Brief
The records that follow must be repeated verbatim, every one of them.

Data listing
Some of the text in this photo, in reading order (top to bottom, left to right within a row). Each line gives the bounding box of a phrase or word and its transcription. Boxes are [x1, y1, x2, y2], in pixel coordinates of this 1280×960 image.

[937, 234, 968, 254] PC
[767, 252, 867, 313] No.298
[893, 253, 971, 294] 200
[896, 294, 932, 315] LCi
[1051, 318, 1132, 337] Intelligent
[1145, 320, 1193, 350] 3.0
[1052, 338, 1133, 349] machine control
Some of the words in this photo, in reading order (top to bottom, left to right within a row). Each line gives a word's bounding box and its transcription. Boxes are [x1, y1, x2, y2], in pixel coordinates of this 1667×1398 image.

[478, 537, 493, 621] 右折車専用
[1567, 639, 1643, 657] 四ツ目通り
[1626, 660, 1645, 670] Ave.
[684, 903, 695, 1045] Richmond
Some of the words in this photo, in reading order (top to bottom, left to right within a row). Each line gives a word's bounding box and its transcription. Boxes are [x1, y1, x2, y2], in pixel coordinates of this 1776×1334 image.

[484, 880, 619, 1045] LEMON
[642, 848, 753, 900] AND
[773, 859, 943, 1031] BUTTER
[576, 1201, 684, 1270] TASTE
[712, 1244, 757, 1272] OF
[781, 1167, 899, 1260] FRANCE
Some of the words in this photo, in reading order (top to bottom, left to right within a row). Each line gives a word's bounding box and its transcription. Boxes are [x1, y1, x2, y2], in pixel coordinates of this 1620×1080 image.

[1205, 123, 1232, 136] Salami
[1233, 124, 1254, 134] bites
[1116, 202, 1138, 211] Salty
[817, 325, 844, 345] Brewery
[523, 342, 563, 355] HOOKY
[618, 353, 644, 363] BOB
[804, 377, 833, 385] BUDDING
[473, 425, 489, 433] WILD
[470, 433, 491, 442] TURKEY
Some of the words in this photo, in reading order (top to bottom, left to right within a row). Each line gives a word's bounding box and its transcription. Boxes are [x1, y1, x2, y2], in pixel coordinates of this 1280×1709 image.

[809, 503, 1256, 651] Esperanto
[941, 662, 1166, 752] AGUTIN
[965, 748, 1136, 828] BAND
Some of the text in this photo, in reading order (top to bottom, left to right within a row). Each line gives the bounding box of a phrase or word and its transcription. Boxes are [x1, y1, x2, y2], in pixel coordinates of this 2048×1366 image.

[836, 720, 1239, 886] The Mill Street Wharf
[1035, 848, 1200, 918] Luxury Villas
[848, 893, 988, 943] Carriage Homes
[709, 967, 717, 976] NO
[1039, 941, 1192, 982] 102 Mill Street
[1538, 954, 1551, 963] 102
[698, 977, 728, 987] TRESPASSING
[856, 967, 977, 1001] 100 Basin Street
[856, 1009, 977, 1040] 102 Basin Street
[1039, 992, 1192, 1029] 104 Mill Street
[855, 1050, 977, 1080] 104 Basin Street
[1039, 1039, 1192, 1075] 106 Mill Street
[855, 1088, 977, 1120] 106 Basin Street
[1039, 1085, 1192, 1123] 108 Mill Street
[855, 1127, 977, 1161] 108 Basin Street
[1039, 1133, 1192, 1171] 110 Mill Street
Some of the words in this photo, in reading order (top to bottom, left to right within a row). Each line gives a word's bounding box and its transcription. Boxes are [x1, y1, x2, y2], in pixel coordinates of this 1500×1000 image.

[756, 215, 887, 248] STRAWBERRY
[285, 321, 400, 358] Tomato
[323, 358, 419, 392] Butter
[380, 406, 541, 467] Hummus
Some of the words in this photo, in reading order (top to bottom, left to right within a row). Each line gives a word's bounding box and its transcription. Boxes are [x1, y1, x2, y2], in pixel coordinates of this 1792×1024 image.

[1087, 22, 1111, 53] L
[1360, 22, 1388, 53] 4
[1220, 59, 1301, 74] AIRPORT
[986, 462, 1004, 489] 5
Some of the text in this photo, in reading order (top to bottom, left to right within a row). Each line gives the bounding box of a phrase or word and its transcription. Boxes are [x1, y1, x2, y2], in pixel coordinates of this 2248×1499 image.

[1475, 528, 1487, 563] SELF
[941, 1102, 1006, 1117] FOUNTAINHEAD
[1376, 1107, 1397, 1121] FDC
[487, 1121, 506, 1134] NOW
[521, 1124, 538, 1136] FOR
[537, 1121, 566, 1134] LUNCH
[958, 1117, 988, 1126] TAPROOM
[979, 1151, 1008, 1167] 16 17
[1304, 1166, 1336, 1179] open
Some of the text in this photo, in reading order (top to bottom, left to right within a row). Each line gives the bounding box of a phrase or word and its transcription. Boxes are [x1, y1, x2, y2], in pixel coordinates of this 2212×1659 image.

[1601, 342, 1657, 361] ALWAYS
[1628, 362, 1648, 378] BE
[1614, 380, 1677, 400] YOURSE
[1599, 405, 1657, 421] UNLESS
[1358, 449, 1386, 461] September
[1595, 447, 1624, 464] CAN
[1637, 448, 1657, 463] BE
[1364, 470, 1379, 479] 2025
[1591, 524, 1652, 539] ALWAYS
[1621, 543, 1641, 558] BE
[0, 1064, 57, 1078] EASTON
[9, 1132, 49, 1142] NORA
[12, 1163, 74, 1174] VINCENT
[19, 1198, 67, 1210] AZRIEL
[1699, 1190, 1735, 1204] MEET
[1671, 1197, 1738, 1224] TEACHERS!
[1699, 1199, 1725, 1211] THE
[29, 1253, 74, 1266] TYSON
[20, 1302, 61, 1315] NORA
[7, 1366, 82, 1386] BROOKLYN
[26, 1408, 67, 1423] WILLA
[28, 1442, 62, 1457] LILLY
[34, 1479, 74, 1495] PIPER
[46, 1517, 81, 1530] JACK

Finished task
Some of the text in this photo, in reading order (top to bottom, left to right within a row). Each line gives the bounding box of a phrase or word and its transcription. Boxes are [x1, y1, x2, y2], in pixel coordinates of this 1280×960 image.

[937, 234, 968, 254] PC
[767, 252, 867, 313] No.298
[893, 253, 971, 294] 200
[896, 294, 932, 315] LCi
[1051, 318, 1132, 337] Intelligent
[1145, 320, 1193, 350] 3.0
[1052, 338, 1133, 349] machine control
Some of the words in this photo, in reading order (top to bottom, left to right within a row). Each line gives a word's bounding box and its transcription. Boxes are [x1, y1, x2, y2], in pixel coordinates of this 1667×1398 image.

[478, 537, 493, 621] 右折車専用
[1567, 639, 1643, 657] 四ツ目通り
[1626, 660, 1645, 670] Ave.
[684, 903, 695, 1045] Richmond
Some of the words in this photo, in reading order (top to bottom, left to right within a row). Each line gives a word's bounding box and its transcription. Boxes are [x1, y1, x2, y2], in pixel coordinates of this 1776×1334 image.

[484, 880, 619, 1045] LEMON
[642, 848, 753, 900] AND
[773, 859, 943, 1031] BUTTER
[576, 1201, 684, 1270] TASTE
[712, 1244, 757, 1272] OF
[781, 1167, 899, 1260] FRANCE
Some of the words in this photo, in reading order (top to bottom, left to right within a row). Each line gives a word's bounding box and its transcription. Boxes are [x1, y1, x2, y2], in pixel coordinates of this 1620×1080 image.

[1205, 123, 1232, 136] Salami
[1233, 124, 1254, 134] bites
[1116, 202, 1138, 211] Salty
[817, 325, 844, 345] Brewery
[523, 342, 563, 355] HOOKY
[618, 353, 644, 363] BOB
[804, 377, 833, 385] BUDDING
[473, 425, 489, 433] WILD
[470, 433, 491, 442] TURKEY
Some of the words in this photo, in reading order (top to bottom, left to right within a row). Each line gives a word's bounding box and its transcription. Boxes are [x1, y1, x2, y2], in pixel coordinates of this 1280×1709 image.

[809, 503, 1256, 651] Esperanto
[941, 662, 1166, 752] AGUTIN
[965, 748, 1136, 828] BAND
Some of the text in this photo, in reading order (top to bottom, left to right within a row). Each line gives the bounding box of a phrase or word and its transcription. Boxes are [x1, y1, x2, y2], in pixel coordinates of this 2048×1366 image.

[836, 720, 1239, 886] The Mill Street Wharf
[1035, 848, 1200, 918] Luxury Villas
[848, 893, 988, 943] Carriage Homes
[709, 967, 717, 976] NO
[1039, 941, 1192, 982] 102 Mill Street
[1538, 954, 1551, 963] 102
[698, 977, 728, 987] TRESPASSING
[856, 967, 977, 1001] 100 Basin Street
[856, 1009, 977, 1040] 102 Basin Street
[1039, 992, 1192, 1029] 104 Mill Street
[855, 1050, 977, 1080] 104 Basin Street
[1039, 1039, 1192, 1075] 106 Mill Street
[855, 1088, 977, 1120] 106 Basin Street
[1039, 1085, 1192, 1123] 108 Mill Street
[855, 1127, 977, 1161] 108 Basin Street
[1039, 1133, 1192, 1171] 110 Mill Street
Some of the words in this photo, in reading order (top to bottom, left to right within a row). Each line gives a word's bounding box and its transcription. Boxes are [x1, y1, x2, y2], in pixel coordinates of this 1500×1000 image.

[756, 215, 887, 248] STRAWBERRY
[285, 321, 400, 358] Tomato
[323, 358, 419, 392] Butter
[380, 406, 541, 467] Hummus
Some of the words in this photo, in reading order (top to bottom, left to right within a row). Each line gives a word's bounding box and its transcription. Boxes are [x1, y1, x2, y2], in pixel coordinates of this 1792×1024 image.

[1087, 22, 1111, 53] L
[1360, 22, 1388, 53] 4
[1220, 59, 1301, 74] AIRPORT
[986, 462, 1004, 489] 5
Some of the text in this photo, in reading order (top to bottom, left to right within a row). Each line gives the bounding box of a phrase or word and its transcription. Boxes are [x1, y1, x2, y2], in pixel coordinates of this 2248×1499 image.

[1475, 528, 1487, 563] SELF
[941, 1102, 1006, 1117] FOUNTAINHEAD
[1376, 1107, 1397, 1121] FDC
[487, 1121, 506, 1134] NOW
[521, 1124, 538, 1136] FOR
[537, 1121, 566, 1134] LUNCH
[958, 1117, 988, 1126] TAPROOM
[979, 1151, 1008, 1167] 16 17
[1304, 1166, 1336, 1179] open
Some of the text in this photo, in reading order (top to bottom, left to right within a row). Each line gives the bounding box of a phrase or word and its transcription. Boxes are [x1, y1, x2, y2], in pixel coordinates of this 2212×1659 image.

[1601, 342, 1657, 361] ALWAYS
[1628, 362, 1648, 378] BE
[1614, 380, 1677, 400] YOURSE
[1599, 405, 1657, 421] UNLESS
[1358, 449, 1386, 461] September
[1595, 447, 1624, 464] CAN
[1637, 448, 1657, 463] BE
[1364, 470, 1379, 479] 2025
[1591, 524, 1652, 539] ALWAYS
[1621, 543, 1641, 558] BE
[0, 1064, 57, 1078] EASTON
[9, 1132, 49, 1142] NORA
[12, 1163, 74, 1174] VINCENT
[19, 1198, 67, 1210] AZRIEL
[1699, 1190, 1735, 1204] MEET
[1671, 1197, 1738, 1224] TEACHERS!
[1699, 1199, 1725, 1211] THE
[29, 1253, 74, 1266] TYSON
[20, 1302, 61, 1315] NORA
[7, 1366, 82, 1386] BROOKLYN
[26, 1408, 67, 1423] WILLA
[28, 1442, 62, 1457] LILLY
[34, 1479, 74, 1495] PIPER
[46, 1517, 81, 1530] JACK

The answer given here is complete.